= Symposium on Combinatorial Search =

The Symposium on Combinatorial Search (SoCS) in an international conference aimed at bringing together
researchers and all others interested in all fields that use combinatorial search, including artificial intelligence, planning, robotics, constraint programming, meta-reasoning, operations research, navigation, and bioinformatics.

In addition, the conference tries to strengthen the relation with other important areas of artificial intelligence. In recent years, there has been an emphasis on robotics, automated planning, big data, and meta-reasoning.

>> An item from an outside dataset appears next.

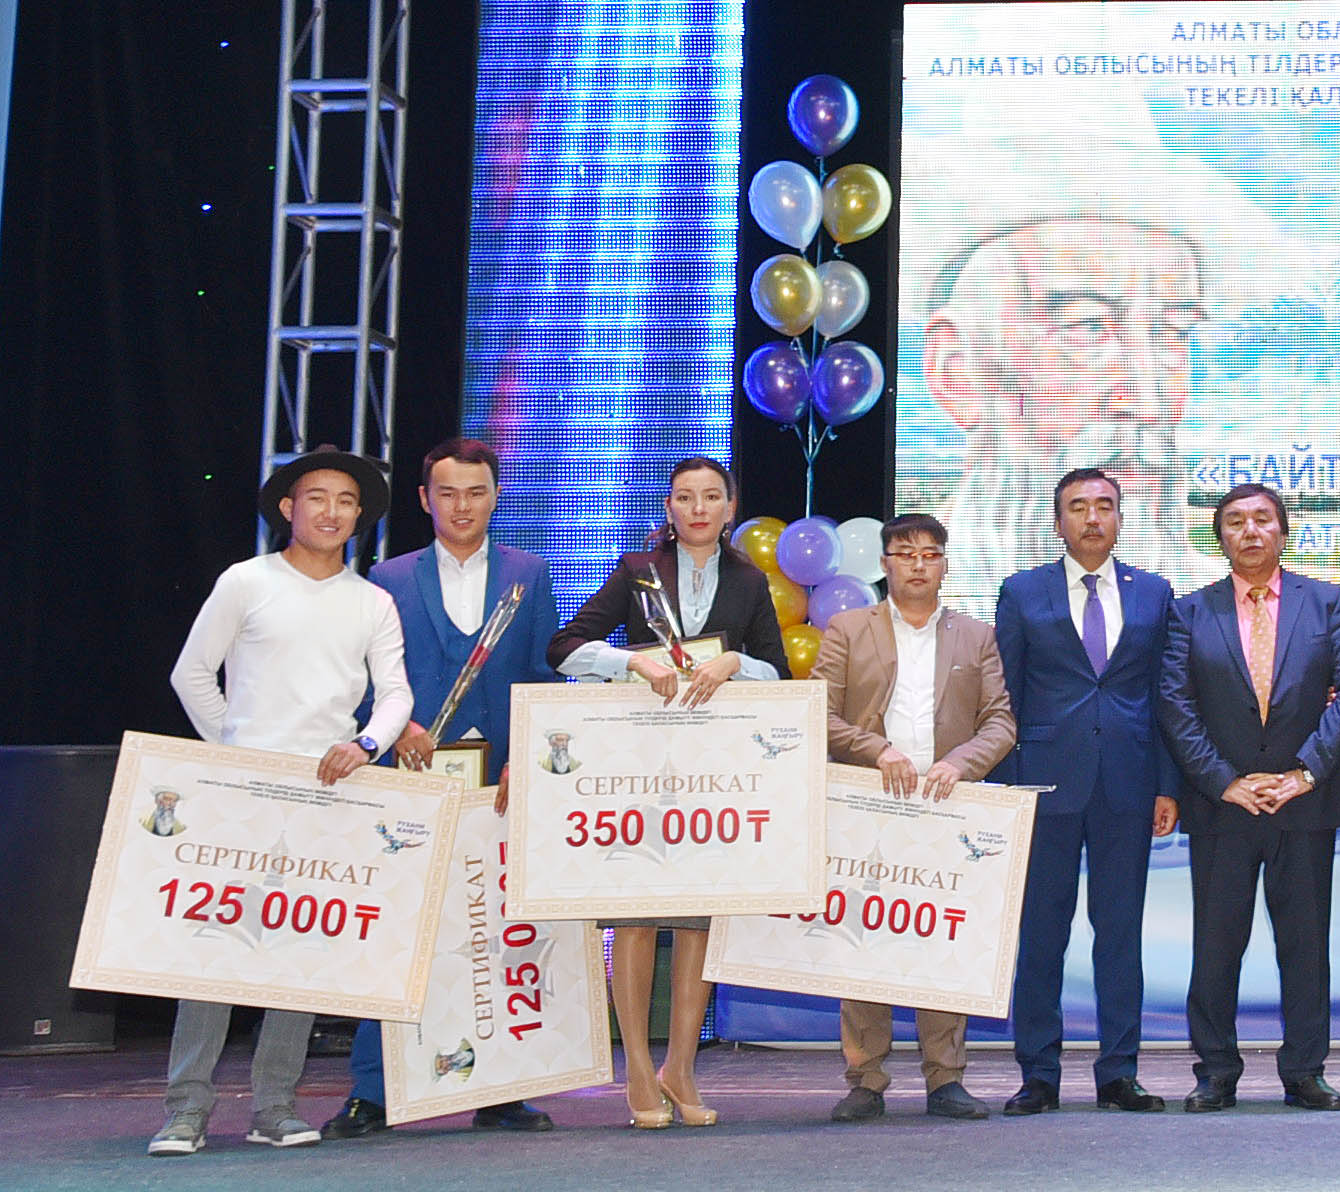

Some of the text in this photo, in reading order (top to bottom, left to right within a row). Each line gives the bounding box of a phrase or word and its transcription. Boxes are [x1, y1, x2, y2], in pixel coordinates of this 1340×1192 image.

SoCS is also an unincorporated non-profit volunteer association organized in New Hampshire (USA),
with the purpose of promoting the study and understanding of combinatorial search and heuristic search algorithms among the public through the organization of scientific meetings, publications, tutorials, and other public scientific and educational activities.

== History ==
The First Symposium on Combinatorial Search was held in Chicago (Illinois, USA) in 2008 as a result of various workshops that were held in previous conferences, mainly IJCAI, AAAI and ICAPS. Since then, it has been held every year, always in association with a larger event.

Although the first three symposia were held in the United States, SoCS rotates around the world, being co-located near whichever major conference the organizers target. Papers from the first two symposia (2008 and 2009) are available on the web. Since SoCS 2010, the symposium has published with AAAI Press and all accepted papers can be found in the AAAI Digital Library.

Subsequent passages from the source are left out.